De modo geral, os drenos possuem de 80 a 100 metros de comprimento por 12 m de largura. Pela boca desses drenos, na margem da rodovia, é possível constatar o alto grau de umidade do solo mesmo neste período de verão e sol intenso. A boca precisa ser limpa regularmente para não entupir. A tendência é que problemas relacionados à drenagem reduzam a medida em que o serviço se consolide. Para efeito de exemplo, o Deracre lembra que em 2009 ocorreram 8 deslizamentos no trecho entre Tarauacá e Cruzeiro do Sul, mas neste ano apenas uma ocorrência foi registrada.

Asfaltamento avança

A reabertura da 364, realizada sem interrupção há 12 anos, muda tudo na vida da população dos Vale do Purus, Envira/Tarauacá e Juruá. A boa referência é o asfaltamento entre Cruzeiro do Sul e Tarauacá, concluído no final do governo Jorge Viana, que integrou 25% da população do Acre e gerou incremento social e econômico que acabaram criando uma nova lógica no abastecimento de produtos e mercadorias, que era o grande problema da região durante o inverno. Em Cruzeiro do Sul, por exemplo, a dificuldade era quanto à carne bovina, produto de fartura no Vale do Envira/ Tarauacá. Com o asfalto, o mercado cruzeirense alcançou regularidade e estabilidade no abastecimento de carne de boi. Não há mais dúvida que o ex-governador Jorge Viana acertou em fazer a BR 364 a partir do Vale do Juruá e não a partir de Rio Branco. No trecho entre Sena e Feijó, existem oito lotes de obras que são mantidos por seis empreiteiras.

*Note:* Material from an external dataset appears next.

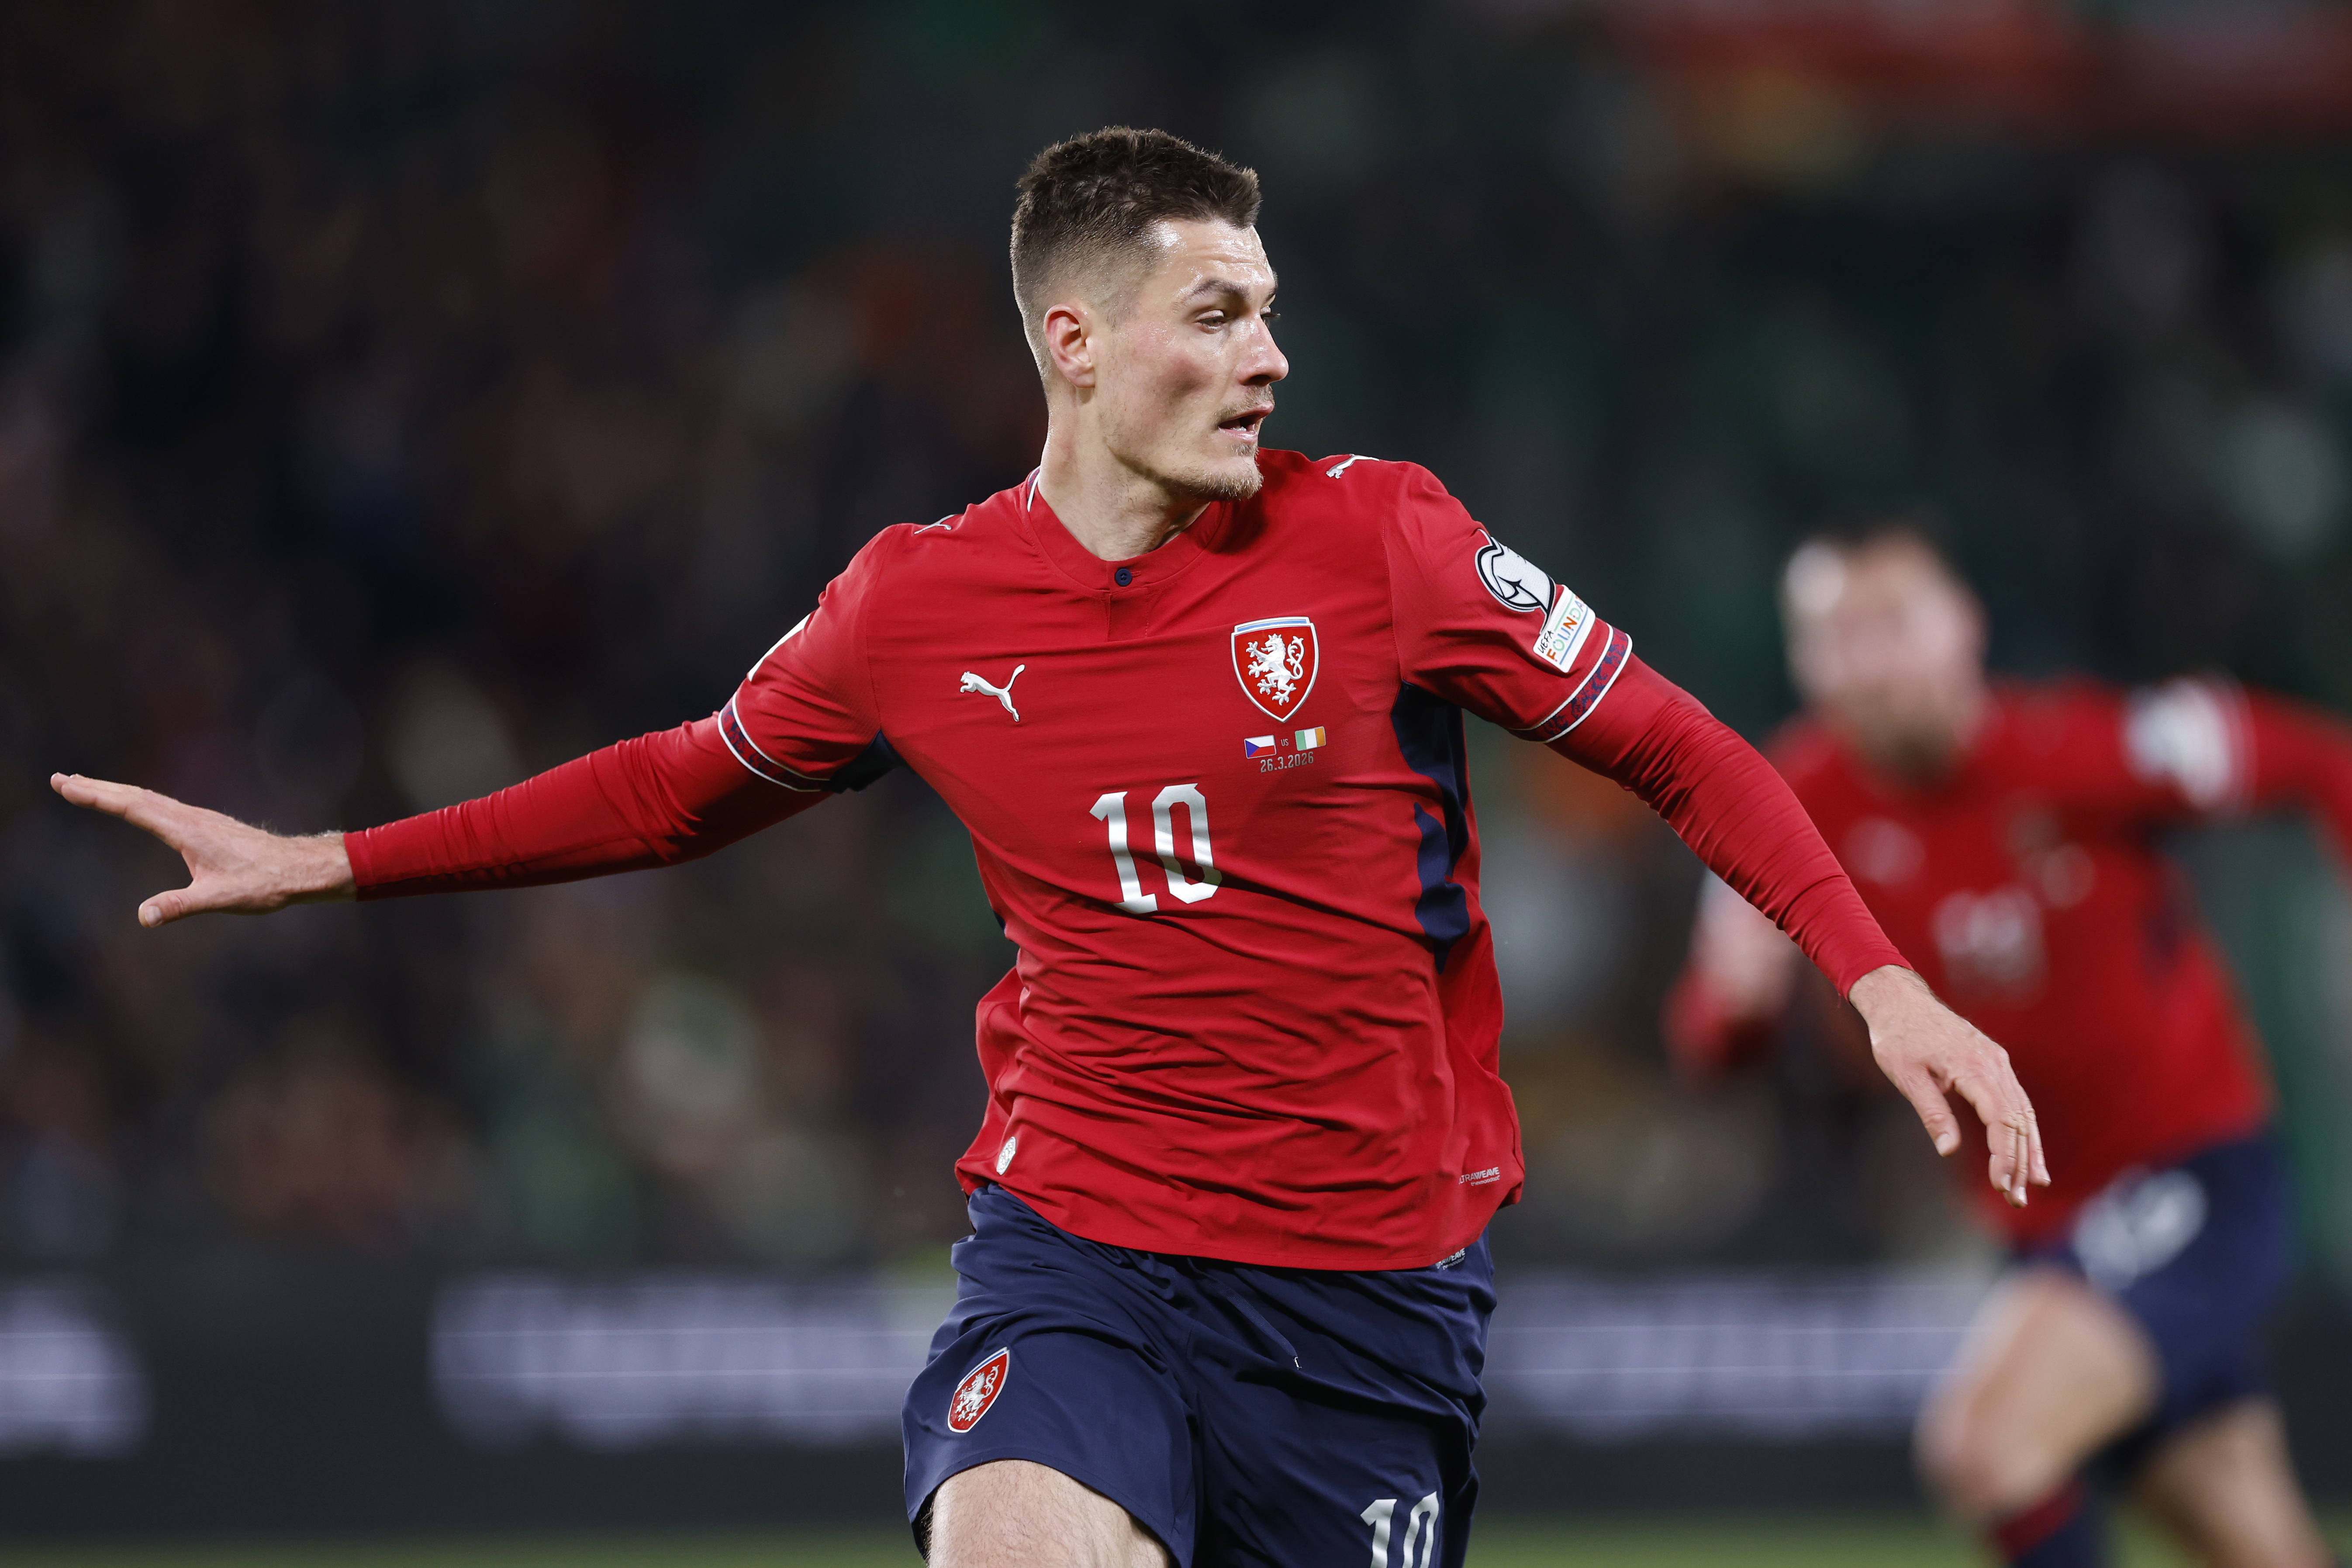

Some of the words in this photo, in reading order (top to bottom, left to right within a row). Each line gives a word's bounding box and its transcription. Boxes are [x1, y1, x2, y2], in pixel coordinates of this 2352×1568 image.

No lote 4, que está a cargo da construtora Fidens, o canteiro mantêm 300 trabalhadores diretos para avançar no asfaltamento de 35 quilômetros. A terraplanagem já alcança 95% da meta. Para 2010, conforme o engenheiro Ruy Nogueira, o objetivo é asfaltar 16 quilômetros e deixar grande parte pronta para a finalização no ano que vem. No lote 5, sob responsabilidade da Etam, a proposta é concluir 100% da terraplanagem e drenagem este ano, além de asfaltar 15 quilômetros.
Qualificação de trabalhadores

A Construmil, que detém o maior lote, diz que a qualificação dos trabalhadores tem sido elemento agregador em sua política de recursos humanos. Encontrar profissionais habilitados não é fácil devido ao grande volume de obras que se espalha pelo Acre. Na BR 364, as empresas decidiram investir na qualificação, e pelo menos 150 trabalhadores alcançaram novas profissões nestes últimos anos. Muitos eram auxiliares de serviços gerais e passaram a ser tratoristas ou operadores de máquinas pesadas, por exemplo.